As associate vice provost, Rasberry said he’ll prioritize developing and strengthening the relationships between graduate students and faculty, and work to bring graduate education in closer alignment with Stanford’s IDEAL Initiative. He also hopes to find ways to support the increasing desire among students to impact real-world problems with their research.

“I believe that our students are undertaking profoundly important research with real consequences in the world, and I think that we need to connect our students’ research and the production of knowledge with the problems confronting our world today,” he said.

After more than two years of remote teaching due to the pandemic, Rasberry recently returned to the classroom for in-person instruction. He said that he is impressed with how the campus community has improvised during these challenging times.

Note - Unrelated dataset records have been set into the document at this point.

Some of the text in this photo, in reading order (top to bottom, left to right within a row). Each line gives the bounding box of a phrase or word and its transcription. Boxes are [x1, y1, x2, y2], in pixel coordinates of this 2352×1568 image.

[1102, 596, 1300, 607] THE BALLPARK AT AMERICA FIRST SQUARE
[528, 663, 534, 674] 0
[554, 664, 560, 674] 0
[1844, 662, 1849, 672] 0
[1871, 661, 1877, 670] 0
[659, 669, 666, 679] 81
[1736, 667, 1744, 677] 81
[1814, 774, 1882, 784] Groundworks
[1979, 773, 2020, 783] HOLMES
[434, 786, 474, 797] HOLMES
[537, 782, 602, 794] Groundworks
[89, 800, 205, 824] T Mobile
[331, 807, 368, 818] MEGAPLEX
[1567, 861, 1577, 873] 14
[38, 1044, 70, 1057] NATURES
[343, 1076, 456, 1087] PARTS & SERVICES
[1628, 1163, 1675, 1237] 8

“Students, in particular, have been very creative and resilient in the way that they have produced alternatives to more conventional research methods,” he said. “However, I do believe we need to be particularly attentive to those whose work has been halted during this time, since many students may not find creative solutions to the interruptions wrought by the pandemic.”

He said that while the university is recovering, it’s important to remember that many campus community members, particularly students, remain in survival mode.

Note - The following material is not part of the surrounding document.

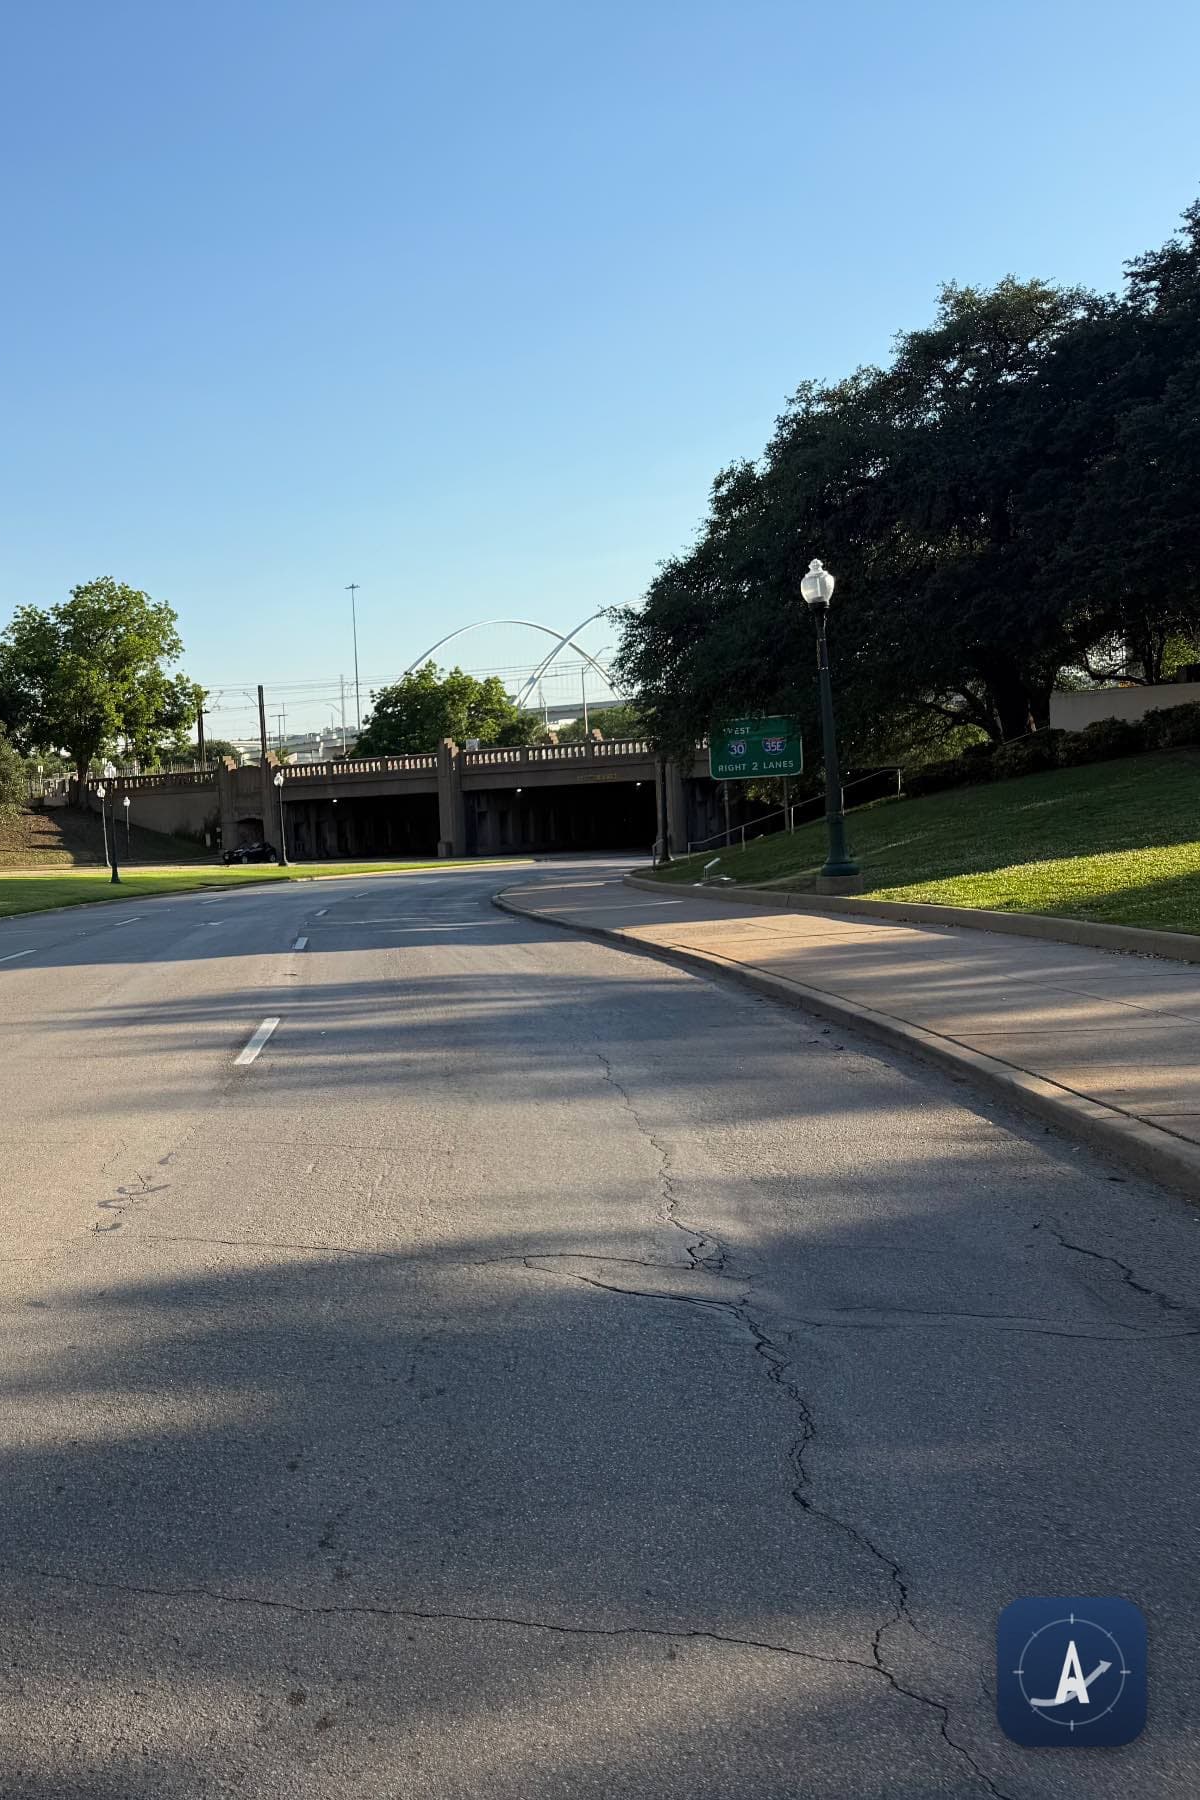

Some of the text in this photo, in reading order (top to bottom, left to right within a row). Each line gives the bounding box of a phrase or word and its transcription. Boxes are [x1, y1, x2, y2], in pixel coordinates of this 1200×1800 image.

[730, 745, 745, 755] 30
[765, 741, 783, 752] 35E
[718, 761, 794, 772] RIGHT 2 LANES

“One doesn’t just return from survival mode unscathed. So I still think we have to focus on well-being and create the conditions that will enable students to flourish,” he said.

Rasberry is a native of Los Angeles. He completed his undergraduate studies at Howard University, a historically Black college in Washington, D.C., and his doctoral studies in English at the University of Chicago. As a Fulbright Scholar, he moved to Germany to teach at the Humboldt University of Berlin. He arrived at Stanford in 2008 to teach in the former Introductory to Humanities (IHUM) program, and the following year he joined the Department of English. He was an Annenberg Faculty Fellow at Stanford from 2012-14 and has received fellowships from the Schomburg Center for Research in Black Culture and the Humanities Center at the University of Pittsburgh.

Rasberry is the author of Race and the Totalitarian Century: Geopolitics in the Black Literary Imagination, which questions the notion that desegregation prompted African American writers and activists to acquiesce in the normative claims of postwar liberalism. He’s written numerous articles and essays about geopolitics, American history, and Black culture and politics.

A scholar of literature, Rasberry said that he is inspired by the works of such writers as Gwendolyn Brooks, Richard Wright, Toni Morrison, Frantz Fanon, and W.E.B. Du Bois. He is currently reading the work of Abdulrazak Gurnah, the winner of the 2021 Nobel Prize in literature.